Para o então diretor da AT, Azevedo Pereira, a indicação dada pelo ex-SEAF era insuficiente para que aquele organismo pudesse tomar uma das duas posições possíveis. Mais: o anterior responsável da AT — que na próxima quarta-feira vai estar no Parlamento para prestar esclarecimentos sobre o assunto — garante que houve três pedidos de parecer da AT sobre a publicação dos dados. Sempre sem resposta atempada.

Em causa em todo este processo estão as informações sobre remessas para paraísos fiscais feitas entre 2011 e 2014, portanto, durante a anterior legislatura. Esta semana, o jornal Público escrevia que foram transferidos 10 mil milhões de euros que não passaram pelo crivo do Fisco, porque os dossiês estavam incompletos.
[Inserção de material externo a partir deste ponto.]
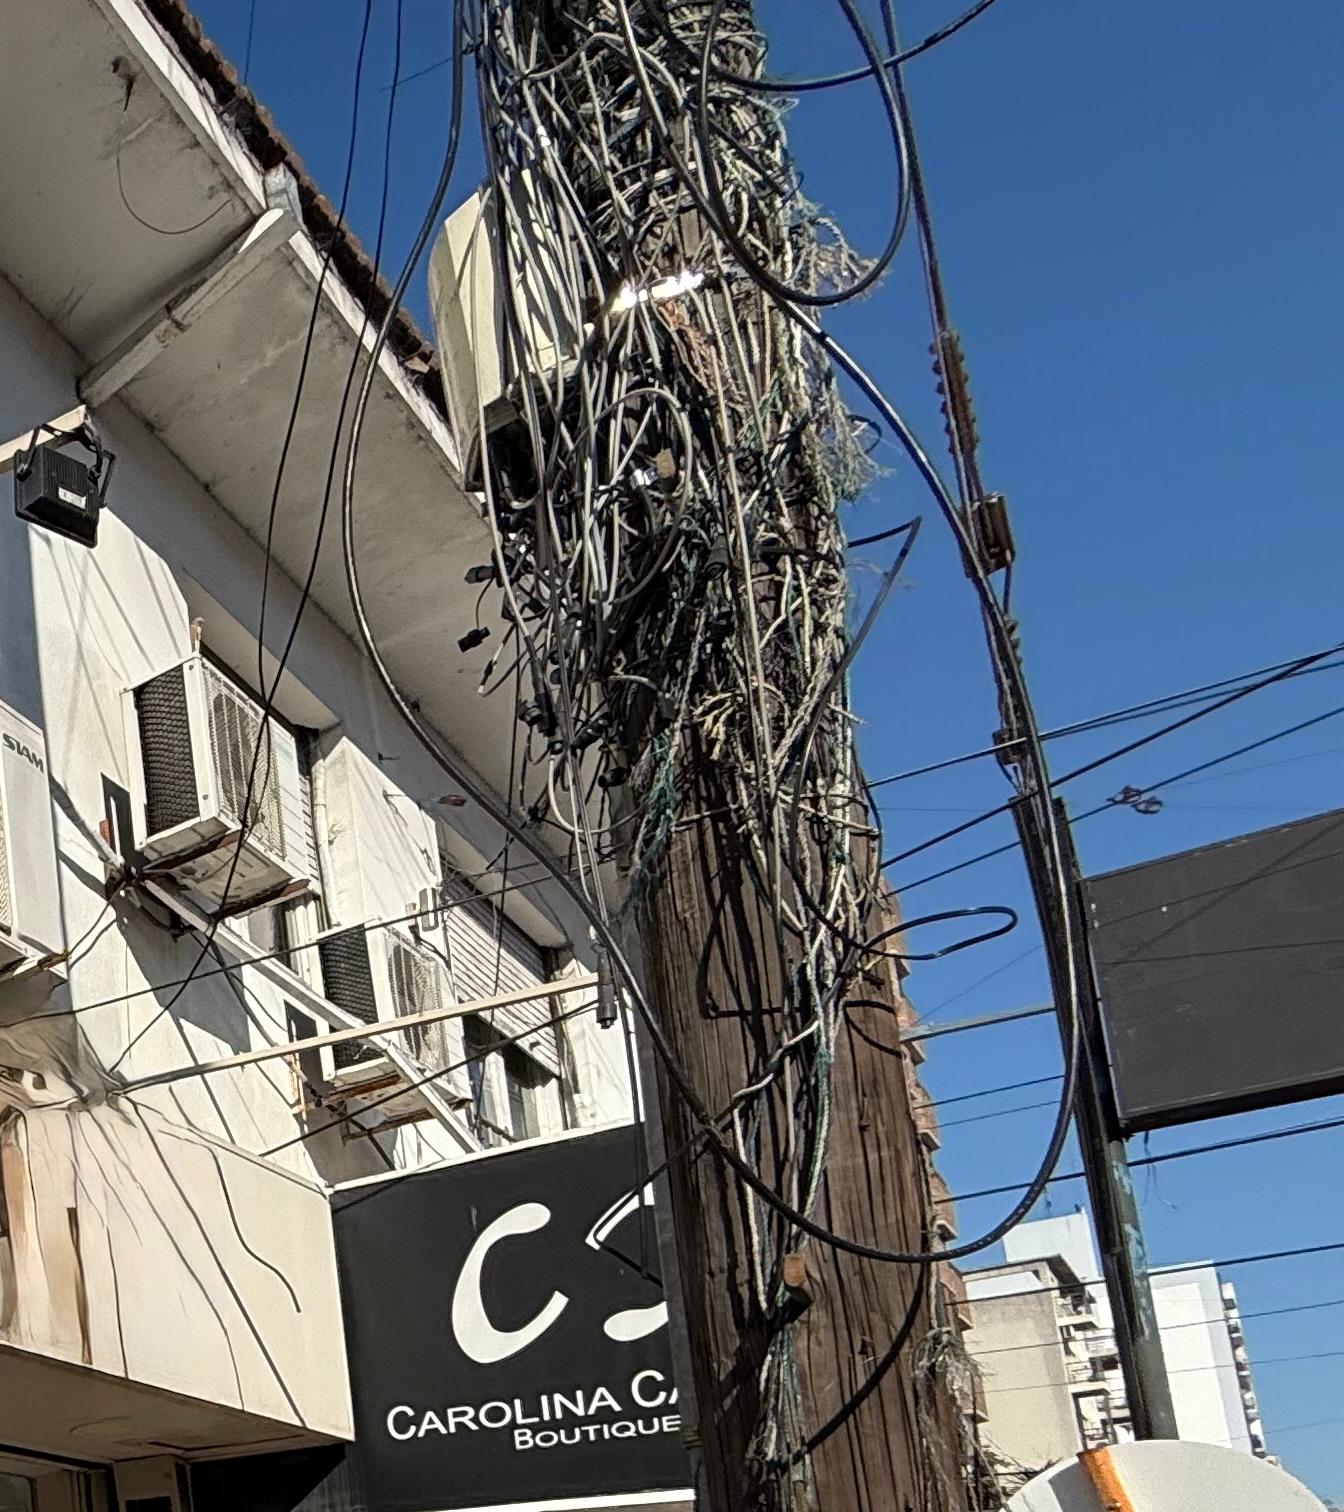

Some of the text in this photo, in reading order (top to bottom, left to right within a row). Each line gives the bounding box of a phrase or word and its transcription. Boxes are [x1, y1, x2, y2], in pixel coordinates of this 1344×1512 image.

[2, 732, 45, 774] SIAM
[386, 1369, 679, 1441] CAROLINA C
[513, 1413, 683, 1451] BOUTIQUE
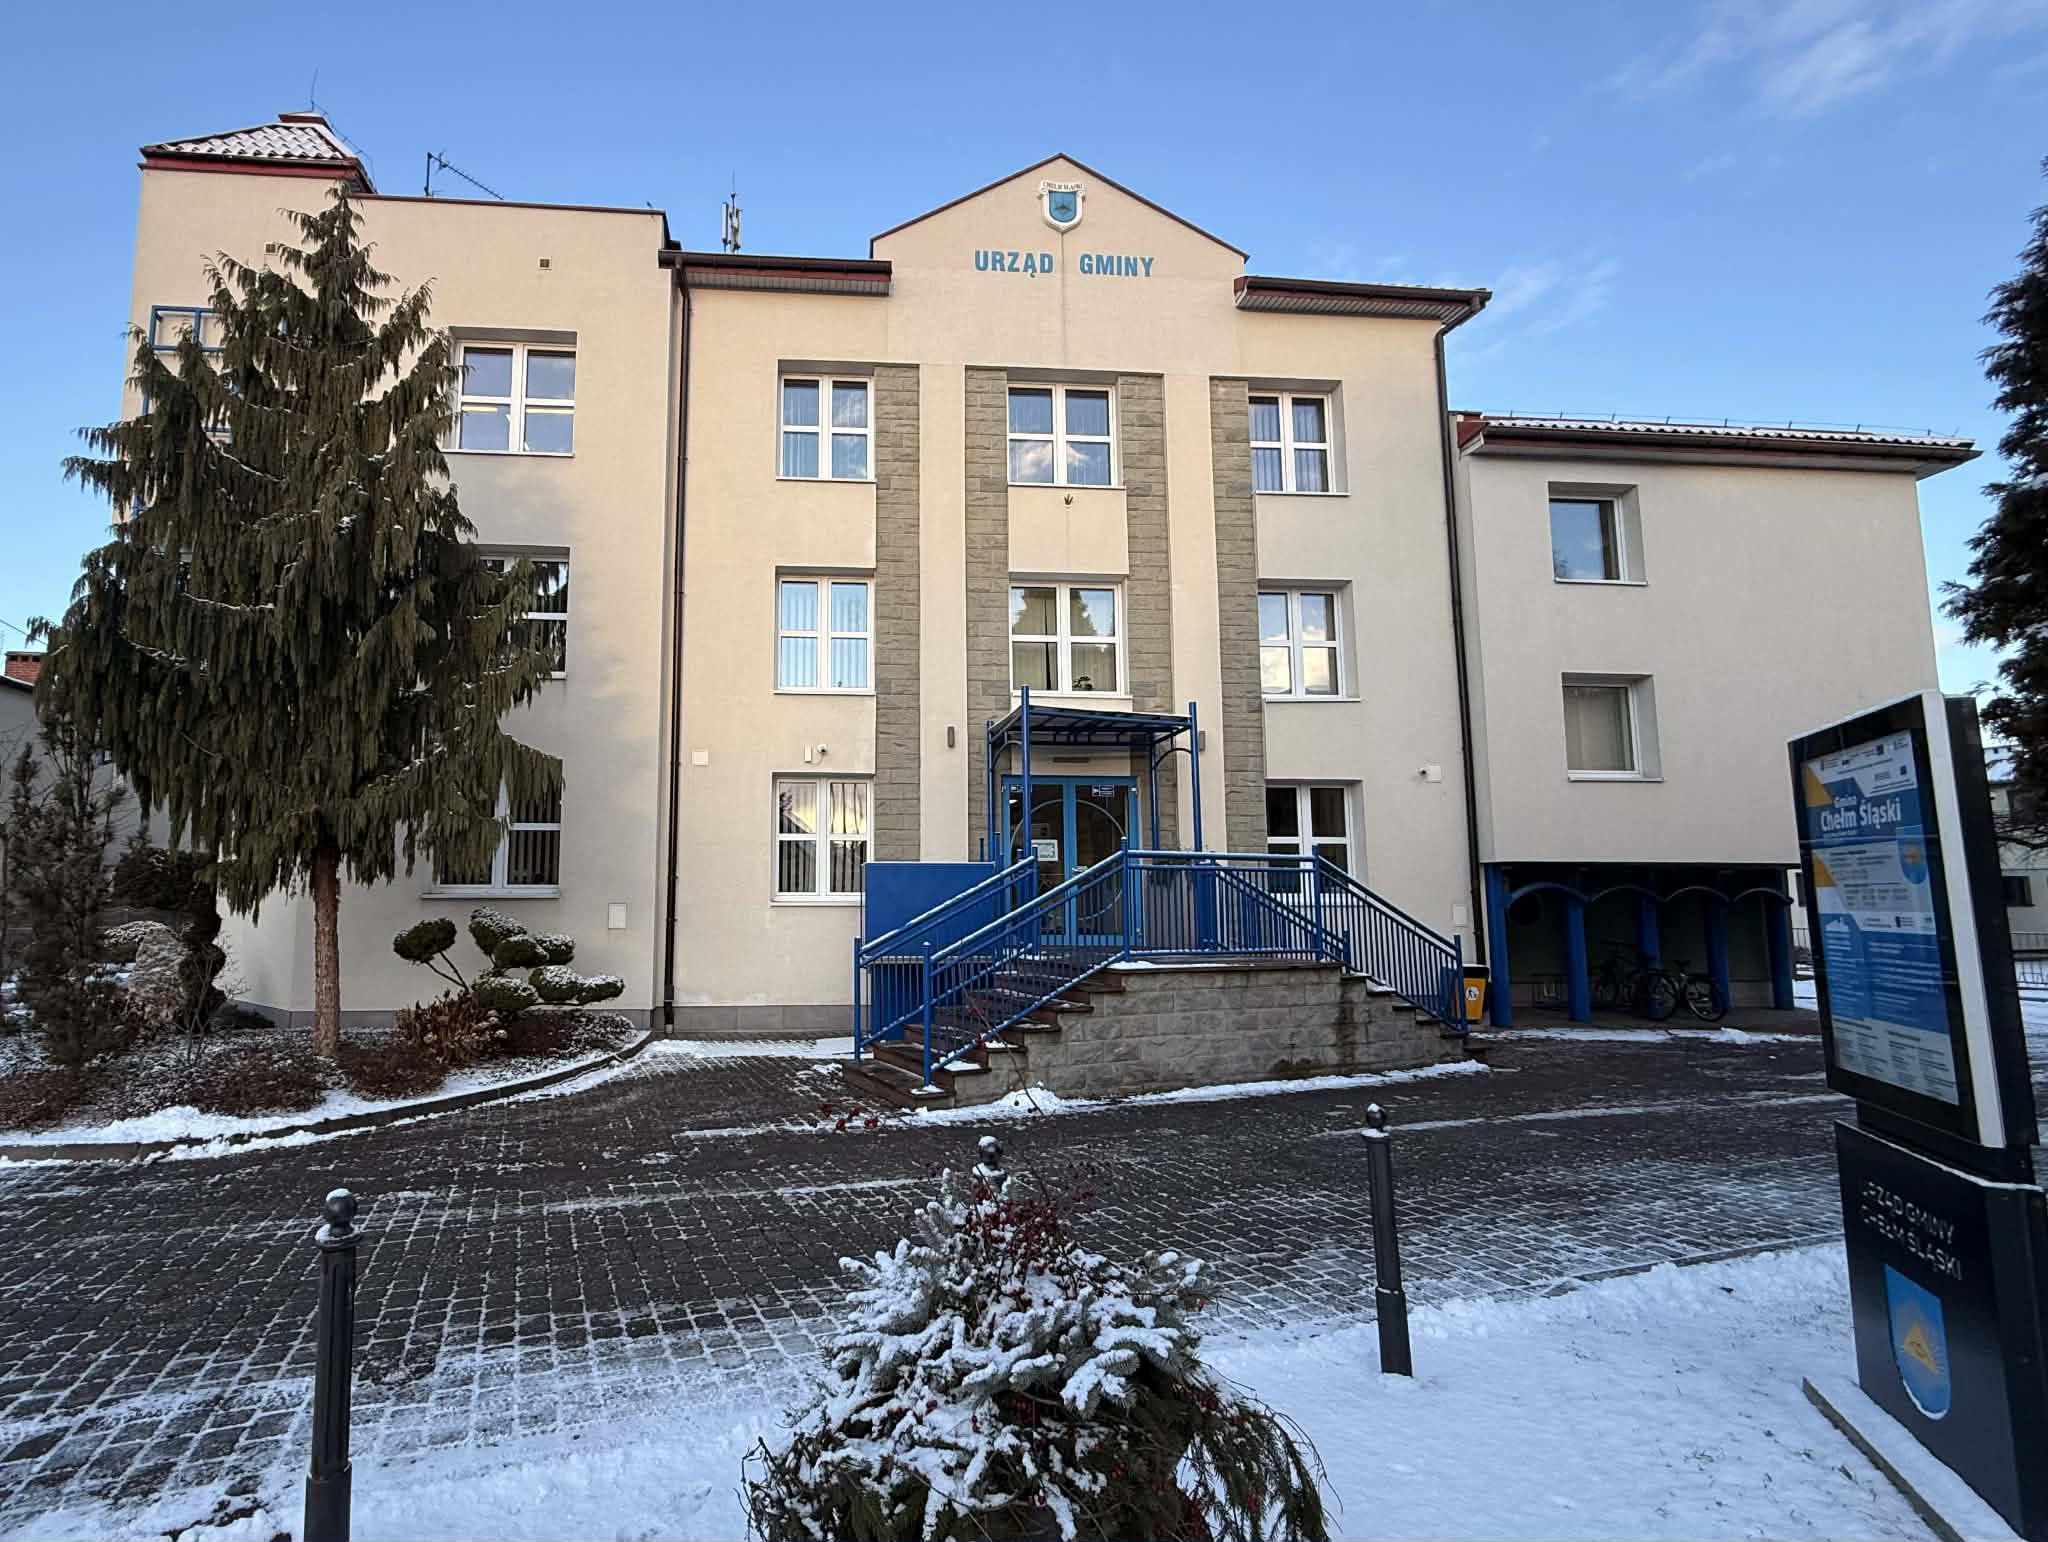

Na edição deste sábado, o Público noticia que a informação se perdeu dentro da própria Autoridade Tributária. Os processos terão sido enviados pelos bancos — a quem compete reportar essas transferências — à Autoridade Tributária contendo toda a informação. Mas, quando já se encontravam nas mãos dos funcionários daquele organismo, ter-se-ão perdido alguns dos dados em causa.

Esse desaparecimento terá ocorrido entre a entrada dos processos na AT e o seu envio para os serviços de inspeção e estatística. É esse desaparecimento que explica, segundo o diário, a discrepância de cerca de 10 mil milhões de euros entre as verbas transferidas para paraísos fiscais que foram sujeitas a uma análise do Fisco e as que nunca passaram pelo controlo dos inspetores e dos responsáveis de estatísticas.